Trauma bonding occurs when a relationship involves cycles of abuse followed by periods of kindness or affection. This intermittent reinforcement creates a powerful, addictive bond between the victim and the abuser, making it incredibly difficult to leave. Over time, the person caught in the trauma bond begins to equate pain with love, unpredictability with passion, and control with security.
This cycle is not about weakness or lack of willpower—it is a conditioned response, deeply rooted in the way our brains process reward and punishment. Understanding how trauma bonding works is the first step toward breaking free and reclaiming personal power.
The Psychology Behind Trauma Bonding: Addiction to the Cycle
At its core, trauma bonding functions like an addiction. The brain becomes wired to crave the emotional highs and lows, much like a gambler chasing the next big win or an addict seeking the next fix. This pattern is reinforced by intermittent rewards, a form of operant conditioning where rewards (in this case, moments of love, apology, or kindness) are unpredictable and inconsistent.
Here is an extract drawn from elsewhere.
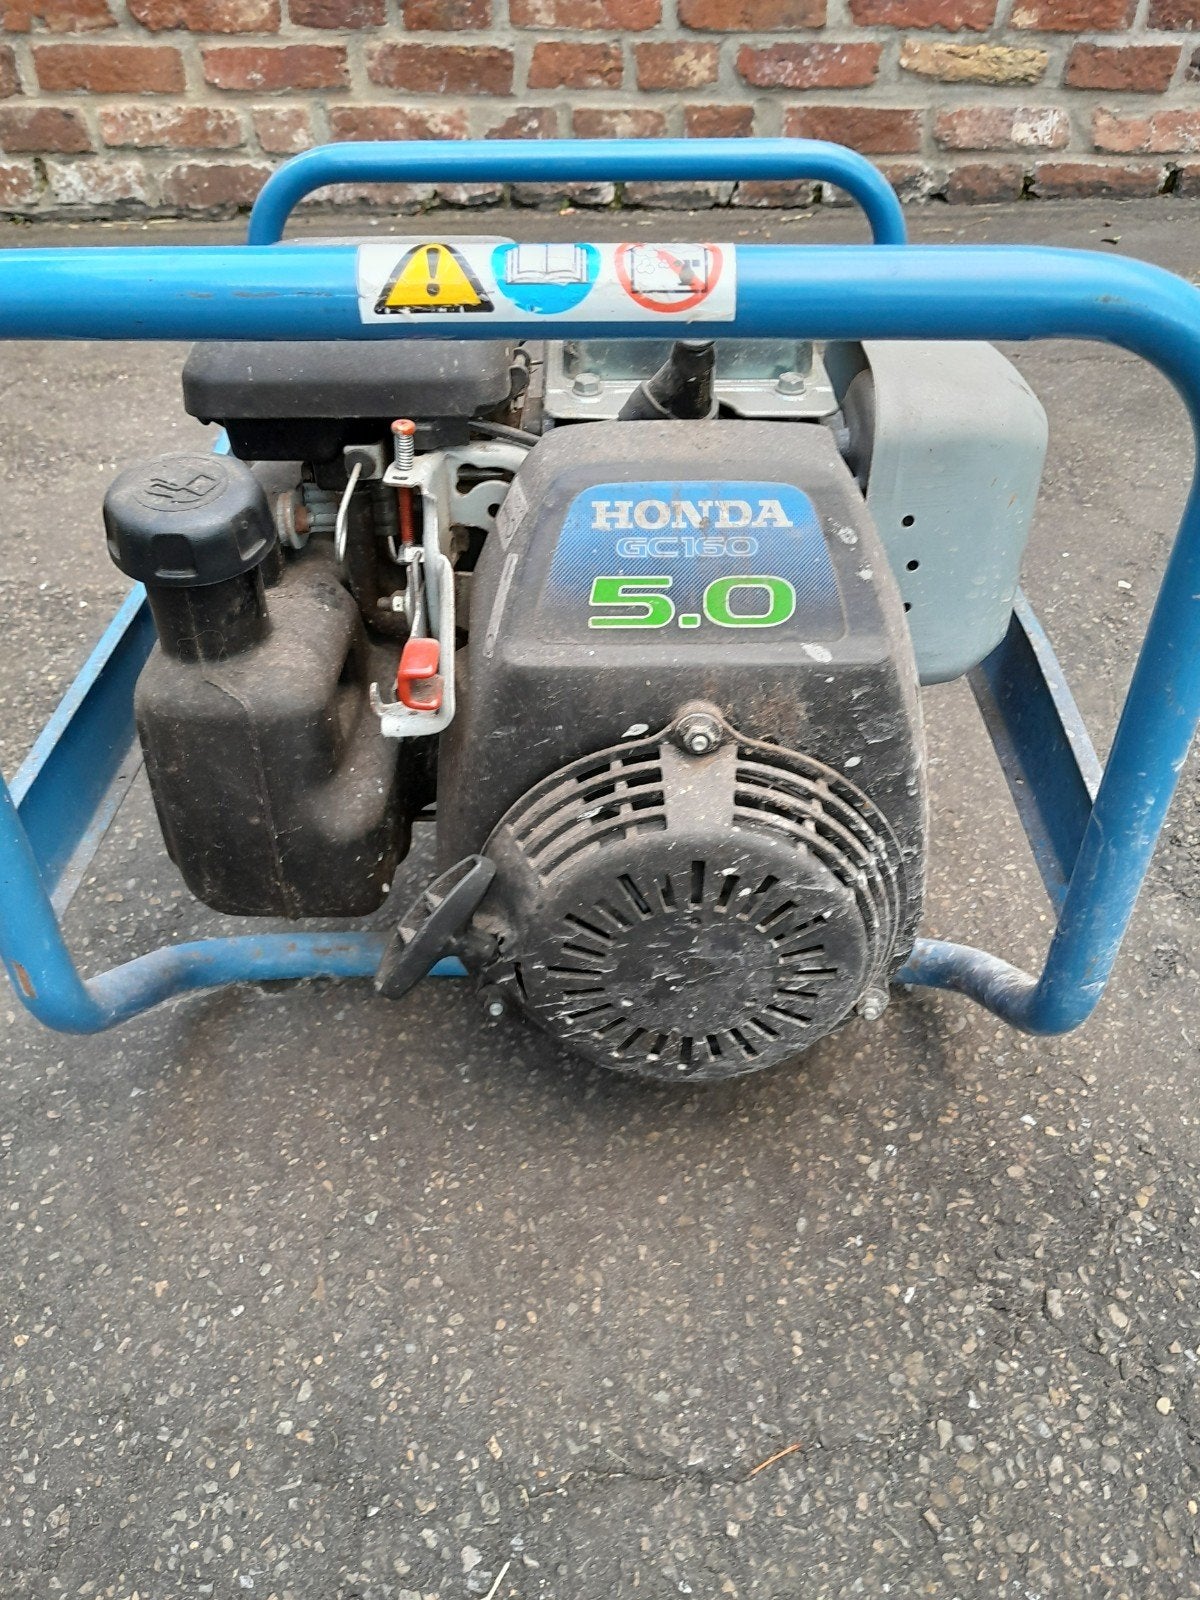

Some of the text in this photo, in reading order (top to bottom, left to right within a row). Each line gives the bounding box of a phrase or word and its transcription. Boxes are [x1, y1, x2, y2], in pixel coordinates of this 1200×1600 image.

[591, 499, 793, 530] HONDA
[616, 536, 758, 558] GC160
[588, 575, 797, 629] 5.0
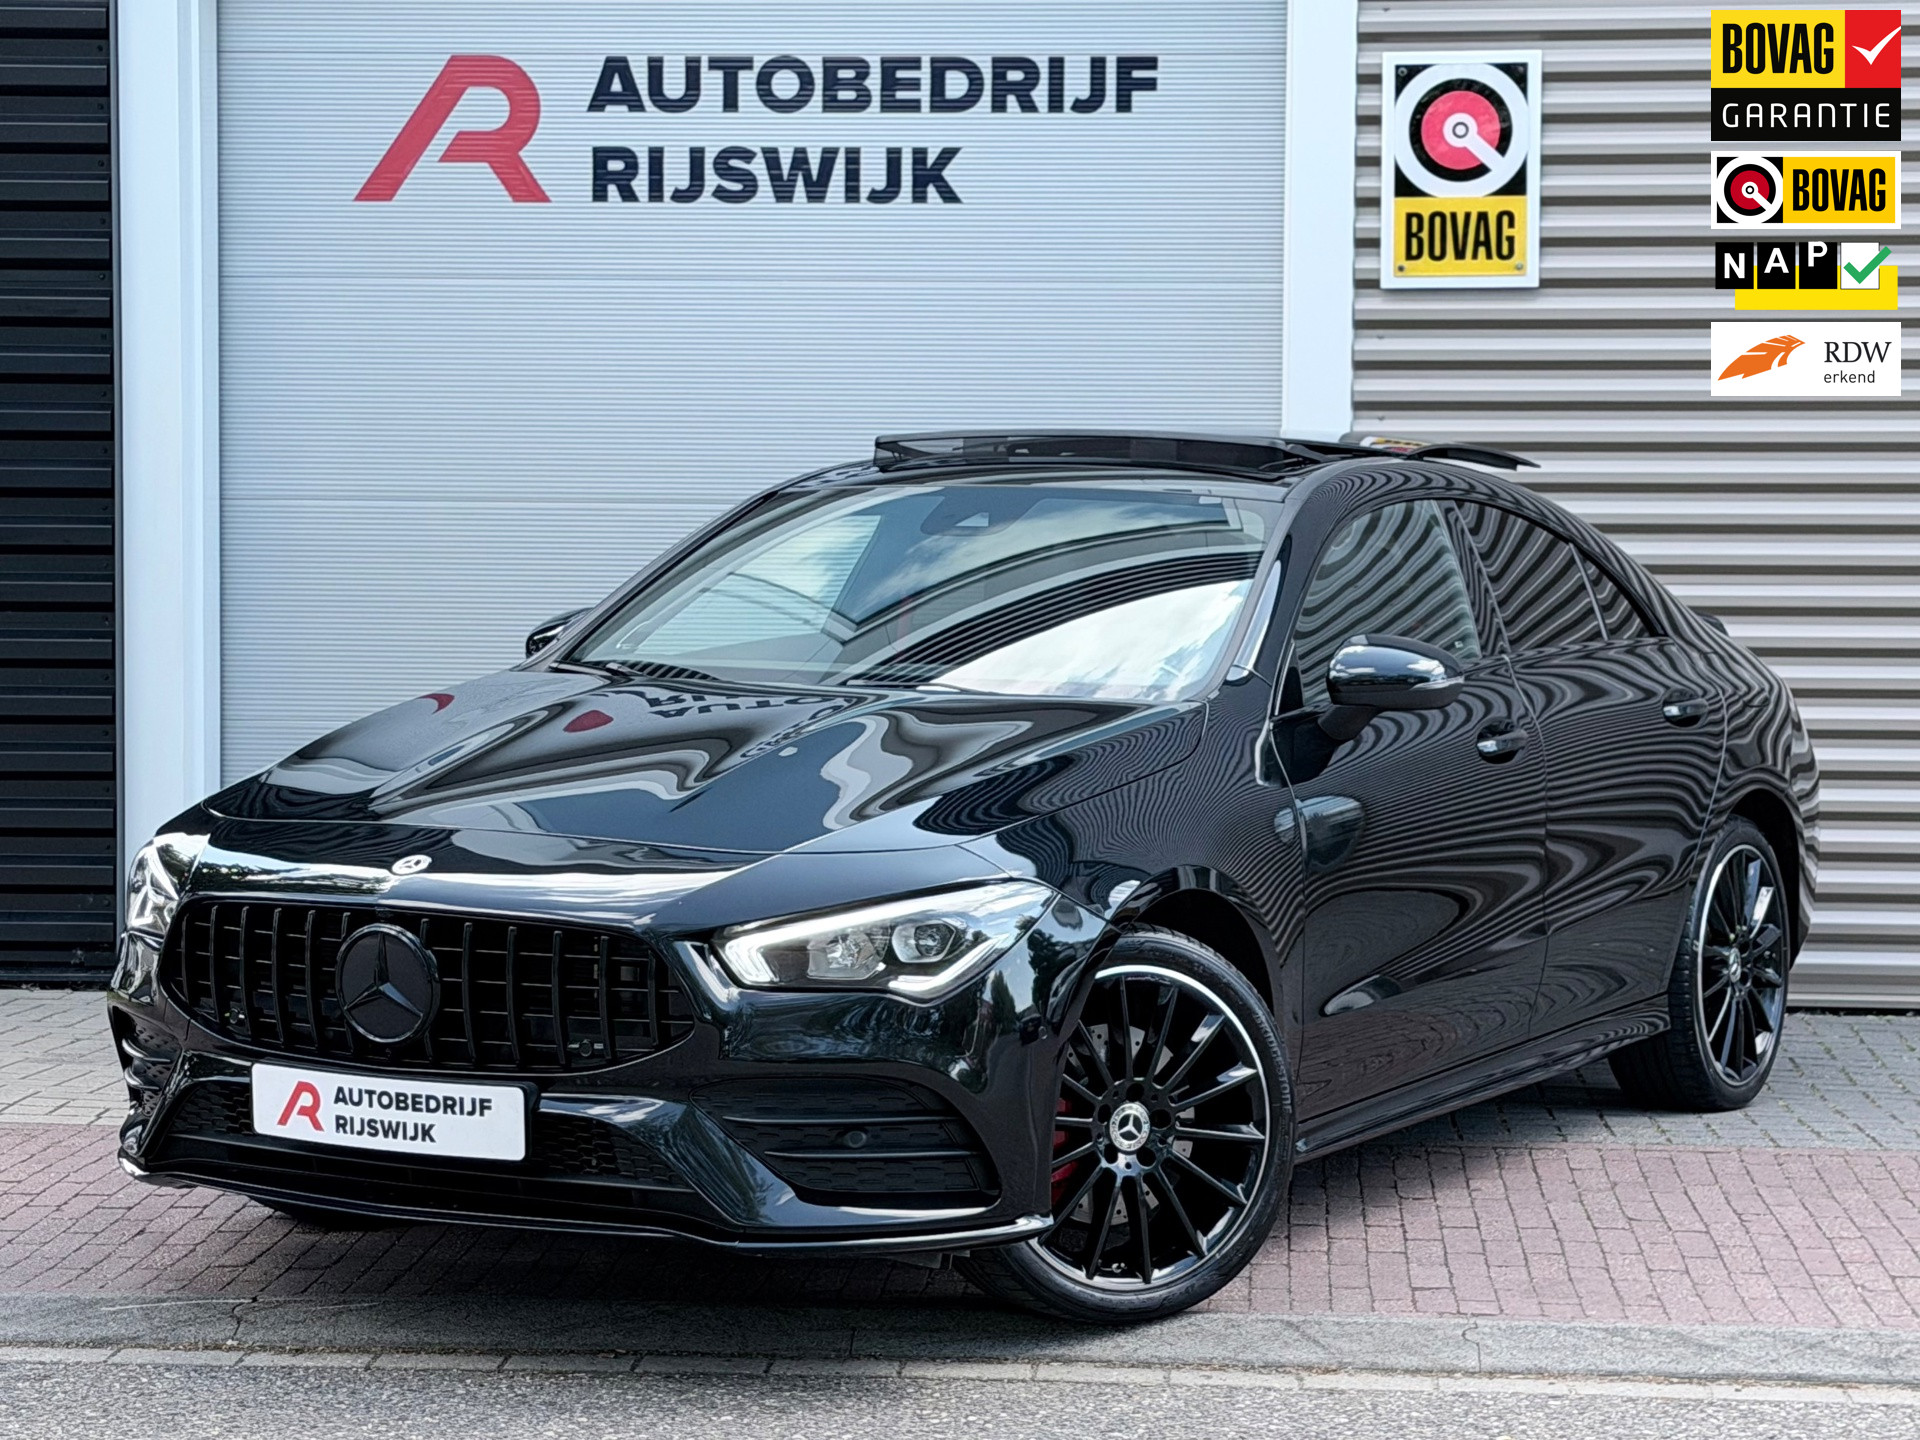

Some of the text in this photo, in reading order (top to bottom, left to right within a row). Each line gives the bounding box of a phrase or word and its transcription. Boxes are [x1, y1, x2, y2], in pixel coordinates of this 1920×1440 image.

When someone experiences prolonged emotional or physical pain, their body is flooded with stress hormones like cortisol. However, when the abuser shifts to a phase of affection or remorse, the brain releases dopamine and oxytocin, chemicals that create feelings of pleasure and attachment. This unpredictable reward system strengthens the bond, making it even harder to break away.
Much like how an addicted person rationalizes substance use, someone in a trauma bond often rationalizes the abuser’s behavior, believing that the kind moments “prove” their love or that things will eventually get better. This deepens the cycle, trapping the victim in an emotional loop that feels impossible to escape.
Signs You May Be in a Trauma Bond

If you’re unsure whether you are in a trauma bond, consider the following:
- You feel stuck but can’t leave. Even when you recognize the harm, you struggle to break away.
- You make excuses for their behavior. You rationalize the abuse by blaming stress, past trauma, or circumstances.
- You experience extreme highs and lows. The relationship is a rollercoaster of emotional turmoil followed by intense connection.
- You crave their approval. Even after being mistreated, you seek validation and reassurance from them.
- You feel responsible for fixing them. You believe your love and patience can heal their issues.
- You hide the truth from others. You downplay or conceal the abuse because you fear judgment or losing the relationship.
If these signs resonate with you, it’s important to recognize that you are not alone—and that healing is possible.
Why Trauma Bonding Feels Like Love
A trauma bond develops through intermittent reinforcement—a cycle of extreme highs and devastating lows. The brain forms an attachment not just to the person but to the emotional rollercoaster they create.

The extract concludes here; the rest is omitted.